=== Begin Enclosure ===

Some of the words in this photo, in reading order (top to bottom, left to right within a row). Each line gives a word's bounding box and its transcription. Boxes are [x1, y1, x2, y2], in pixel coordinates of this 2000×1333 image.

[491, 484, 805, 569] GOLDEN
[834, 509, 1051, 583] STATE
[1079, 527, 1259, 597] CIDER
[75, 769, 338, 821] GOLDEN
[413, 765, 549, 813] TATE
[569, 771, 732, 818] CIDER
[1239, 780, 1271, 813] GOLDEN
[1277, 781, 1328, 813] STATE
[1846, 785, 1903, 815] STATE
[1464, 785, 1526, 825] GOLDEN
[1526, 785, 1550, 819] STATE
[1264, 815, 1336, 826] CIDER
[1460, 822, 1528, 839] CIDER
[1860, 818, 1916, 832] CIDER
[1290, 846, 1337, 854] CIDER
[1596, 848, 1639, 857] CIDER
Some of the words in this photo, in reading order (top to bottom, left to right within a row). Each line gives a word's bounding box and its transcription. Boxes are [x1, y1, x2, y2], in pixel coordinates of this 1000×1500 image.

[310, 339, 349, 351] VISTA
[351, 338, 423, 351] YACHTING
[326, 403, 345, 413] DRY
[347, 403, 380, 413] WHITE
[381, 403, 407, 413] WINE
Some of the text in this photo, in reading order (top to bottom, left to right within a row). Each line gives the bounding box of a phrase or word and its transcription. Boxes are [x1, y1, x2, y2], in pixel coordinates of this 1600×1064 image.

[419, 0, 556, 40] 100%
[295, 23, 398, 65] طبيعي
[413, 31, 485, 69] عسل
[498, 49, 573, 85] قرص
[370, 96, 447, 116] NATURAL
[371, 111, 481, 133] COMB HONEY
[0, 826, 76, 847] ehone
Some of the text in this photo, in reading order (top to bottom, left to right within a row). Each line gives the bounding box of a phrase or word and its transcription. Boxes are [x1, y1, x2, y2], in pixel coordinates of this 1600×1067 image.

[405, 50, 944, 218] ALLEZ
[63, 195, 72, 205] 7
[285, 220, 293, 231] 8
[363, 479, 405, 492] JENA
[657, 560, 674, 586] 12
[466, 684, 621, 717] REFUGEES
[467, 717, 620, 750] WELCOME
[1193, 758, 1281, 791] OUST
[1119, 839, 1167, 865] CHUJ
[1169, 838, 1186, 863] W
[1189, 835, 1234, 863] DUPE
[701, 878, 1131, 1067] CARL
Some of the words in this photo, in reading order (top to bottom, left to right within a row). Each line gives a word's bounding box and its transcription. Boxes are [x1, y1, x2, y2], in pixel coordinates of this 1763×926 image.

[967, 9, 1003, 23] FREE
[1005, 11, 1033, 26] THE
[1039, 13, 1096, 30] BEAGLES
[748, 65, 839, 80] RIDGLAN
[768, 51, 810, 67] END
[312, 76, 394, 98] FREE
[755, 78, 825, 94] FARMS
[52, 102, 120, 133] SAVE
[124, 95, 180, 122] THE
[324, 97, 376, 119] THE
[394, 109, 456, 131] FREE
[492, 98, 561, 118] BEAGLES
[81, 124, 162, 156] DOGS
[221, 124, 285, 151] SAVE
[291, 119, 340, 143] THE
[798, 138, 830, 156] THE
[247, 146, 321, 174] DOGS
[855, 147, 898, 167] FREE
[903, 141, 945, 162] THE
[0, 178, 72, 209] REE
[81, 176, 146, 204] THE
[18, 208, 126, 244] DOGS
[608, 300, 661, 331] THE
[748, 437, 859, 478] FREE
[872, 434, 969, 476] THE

=== End Enclosure ===

Assignment: Everything from the line with "this 1763×926 image." to the end of the listing, and only that, is to be set down exactly, line by line.

The completed task:
Some of the words in this photo, in reading order (top to bottom, left to right within a row). Each line gives a word's bounding box and its transcription. Boxes are [x1, y1, x2, y2], in pixel coordinates of this 1763×926 image.

[967, 9, 1003, 23] FREE
[1005, 11, 1033, 26] THE
[1039, 13, 1096, 30] BEAGLES
[748, 65, 839, 80] RIDGLAN
[768, 51, 810, 67] END
[312, 76, 394, 98] FREE
[755, 78, 825, 94] FARMS
[52, 102, 120, 133] SAVE
[124, 95, 180, 122] THE
[324, 97, 376, 119] THE
[394, 109, 456, 131] FREE
[492, 98, 561, 118] BEAGLES
[81, 124, 162, 156] DOGS
[221, 124, 285, 151] SAVE
[291, 119, 340, 143] THE
[798, 138, 830, 156] THE
[247, 146, 321, 174] DOGS
[855, 147, 898, 167] FREE
[903, 141, 945, 162] THE
[0, 178, 72, 209] REE
[81, 176, 146, 204] THE
[18, 208, 126, 244] DOGS
[608, 300, 661, 331] THE
[748, 437, 859, 478] FREE
[872, 434, 969, 476] THE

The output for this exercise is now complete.